Every record that follows should be written out word for word; the pictures stay out.

INPUT MATERIAL
··········

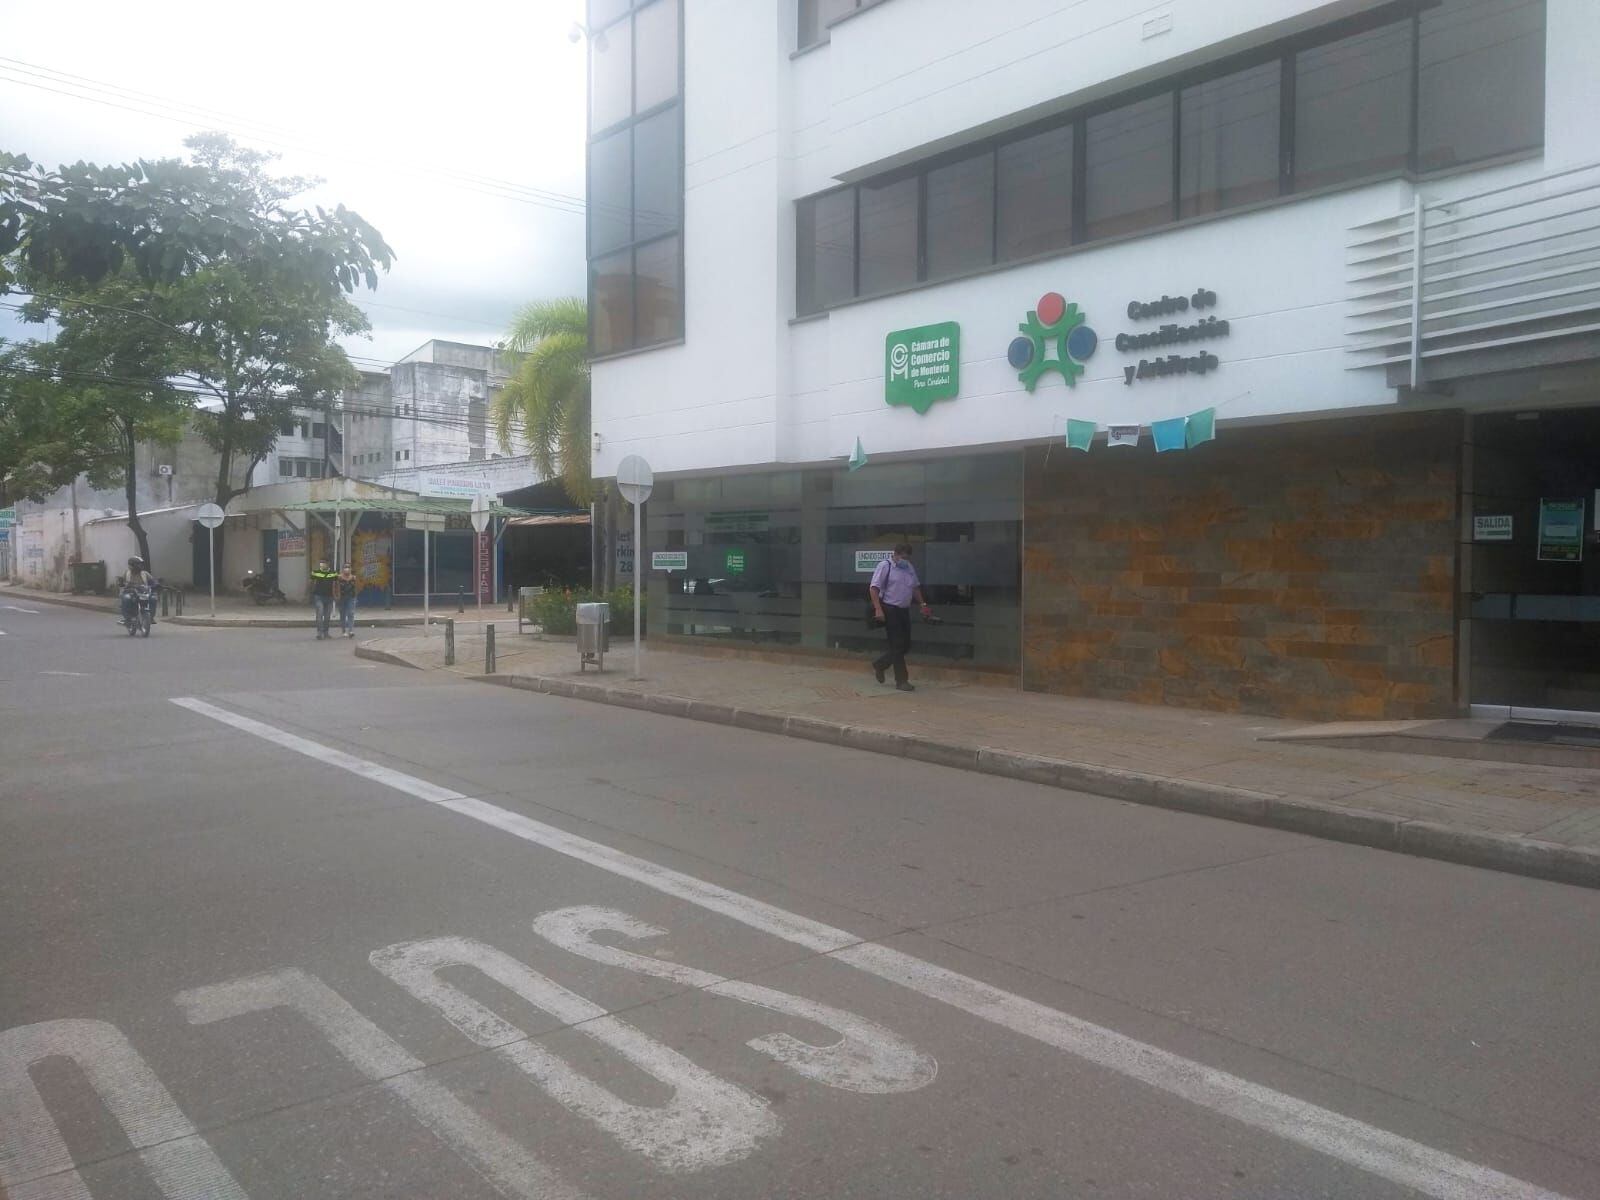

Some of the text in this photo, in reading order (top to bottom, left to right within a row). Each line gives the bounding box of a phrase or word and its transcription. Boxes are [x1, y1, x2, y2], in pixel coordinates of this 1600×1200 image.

[1191, 287, 1217, 309] de
[939, 336, 950, 348] de
[911, 350, 950, 365] Comercio
[911, 366, 919, 378] de
[1477, 517, 1511, 529] SALIDA

··········

RESPONSE
Some of the text in this photo, in reading order (top to bottom, left to right within a row). Each line gives the bounding box of a phrase or word and its transcription. Boxes are [x1, y1, x2, y2], in pixel coordinates of this 1600×1200 image.

[1191, 287, 1217, 309] de
[939, 336, 950, 348] de
[911, 350, 950, 365] Comercio
[911, 366, 919, 378] de
[1477, 517, 1511, 529] SALIDA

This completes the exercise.